Zusätzlich zu den neuen Ankerplätzen wird eine intelligente Überwachung eingeführt, um die Meeresumwelt vor Verschmutzung zu schützen. Es werden Sensoren zur Erkennung illegaler Abwassereinleitungen von Wasserfahrzeugen installiert und eine Satellitenverfolgung der Schiffe durchgeführt, um den Seeverkehr zu optimieren. Der Zustand des Meeres, die Temperatur, die Transparenz, die Qualität und die Meereslebensräume werden regelmäßig überwacht.

Schulung der Nautiker und Rückblick in die Vergangenheit

Der Naturpark Telašćica wird auch eine große Kommunikationskampagne zur Schulung der Nautiker starten. Durch ein besonderes "Eco Pledge" verpflichtet sich jeder Nautiker zu verantwortungsvollem Verhalten, und es werden auch Bildungs-Workshops für Kinder im Vorschul- und Schulalter vorbereitet. Zusätzlich wird das "historische Bild" der Belastung durch Schwermetalle im Sediment untersucht, um den Zustand vor und nach dem intensiven Nautikdruck zu vergleichen und das mögliche Auftreten pathogener Mikroorganismen zu verfolgen.

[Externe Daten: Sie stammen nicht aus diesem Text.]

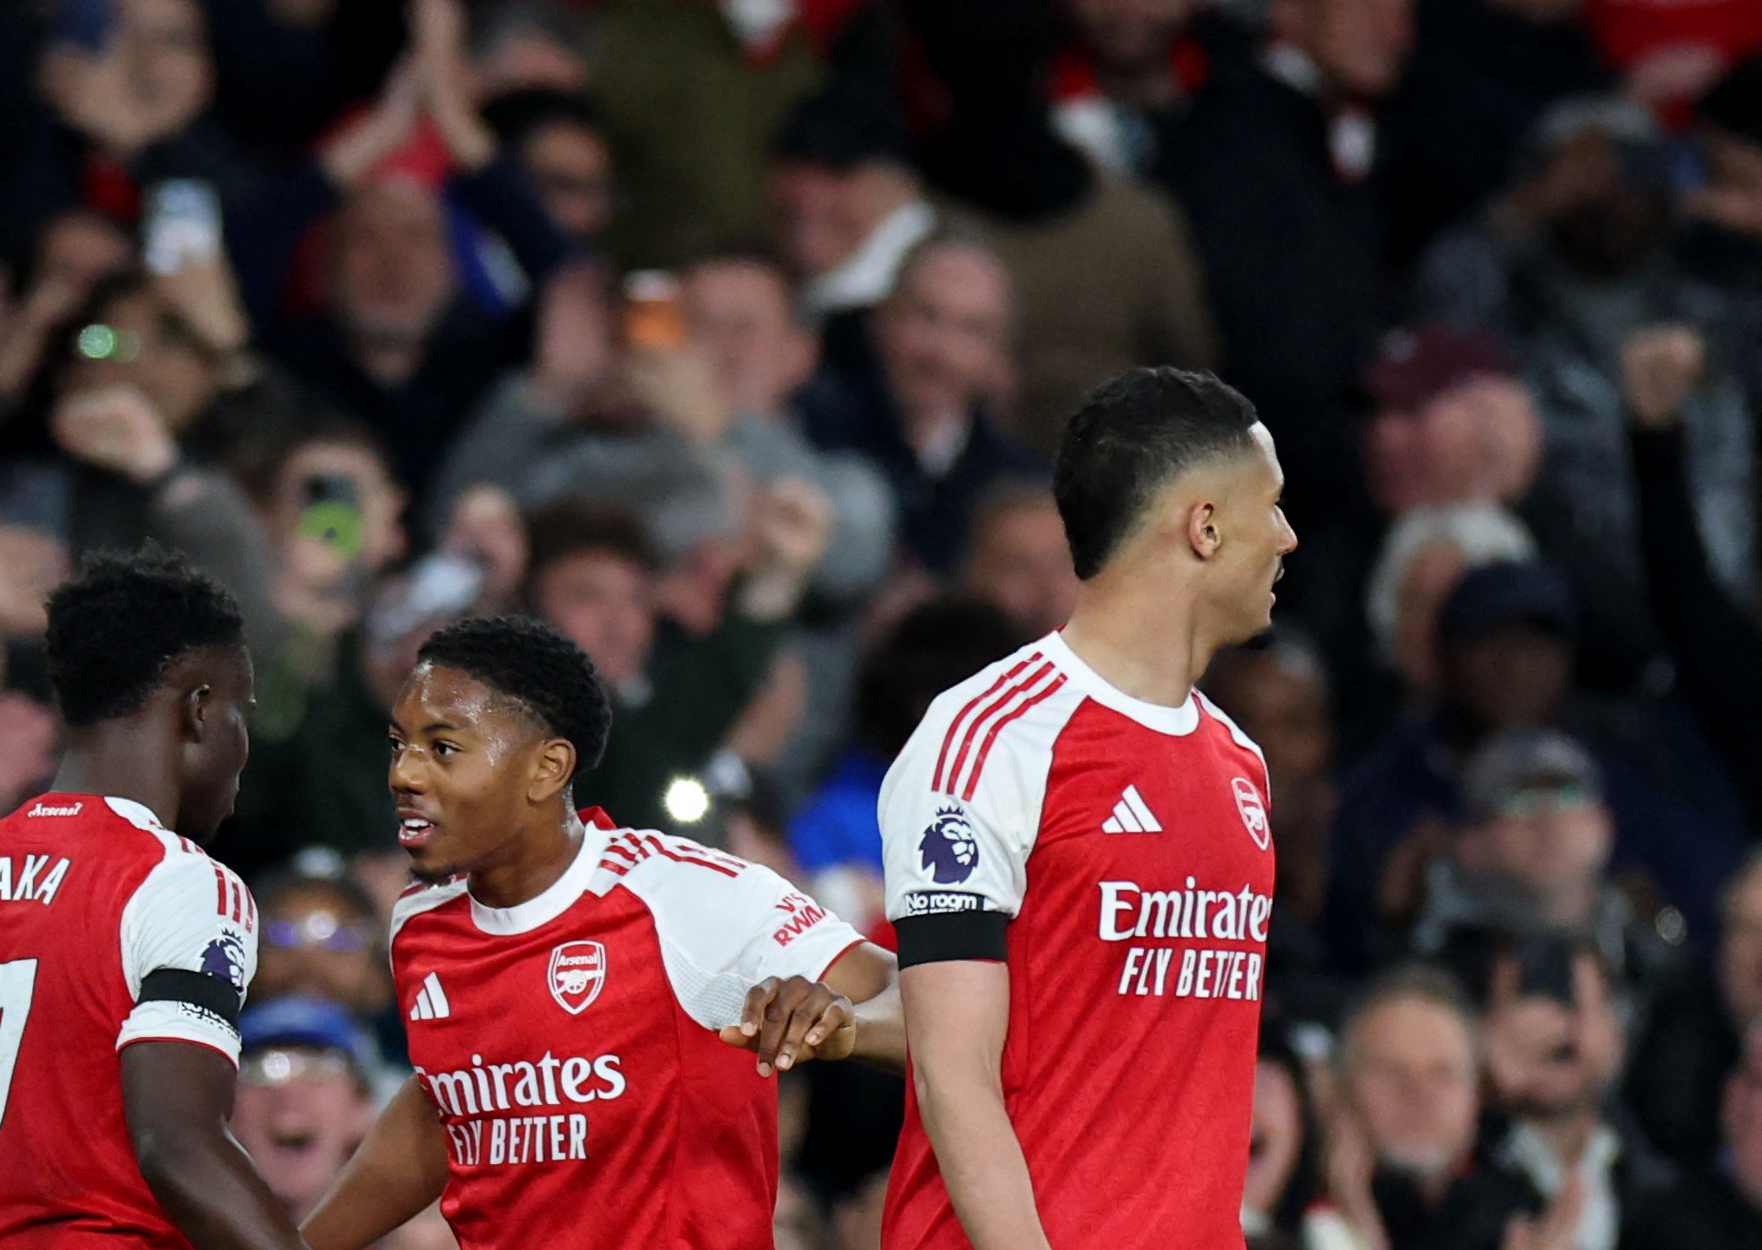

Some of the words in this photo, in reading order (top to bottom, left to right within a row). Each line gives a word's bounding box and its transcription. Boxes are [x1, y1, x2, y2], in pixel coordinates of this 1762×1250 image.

Nach der Unterzeichnung des Vertrags über die Gewährung von Zuschüssen mit dem Ministerium für Umweltschutz und grünen Wandel und der Zentralen Agentur für Finanzierung und Vertragsabwicklung (SAFU) beginnen die Feldarbeiten und die ersten Beschaffungen.

Häufige Fragen
Wie viel Geld wurde für das Projekt der ökologischen Ankerplätze in Telašćica bewilligt? +
Der Gesamtwert des Projekts beträgt 2.541.037,65 Euro, wovon 1.999.796,63 Euro aus dem Europäischen Fonds für regionale Entwicklung stammen.
An wie vielen Standorten werden die neuen Ankerplätze installiert? +
Das umweltfreundliche Ankersystem wird an 10 Standorten im Naturpark Telašćica installiert.
Wie schützen die neuen Ankerplätze den Meeresboden? +
Die neuen Systeme verwenden geotechnische Anker anstelle von Betonblöcken, was den Eingriff in den Meeresboden minimiert und empfindliche Lebensräume wie die Posidonia-Wiesen nicht zerstört.
Wann ist mit dem Beginn der Arbeiten zu rechnen? +
Die Arbeiten beginnen nach der Unterzeichnung des Vertrags mit dem Ministerium und der SAFU, was nach dem Beschluss der kroatischen Regierung vom 6. August 2026 erfolgt.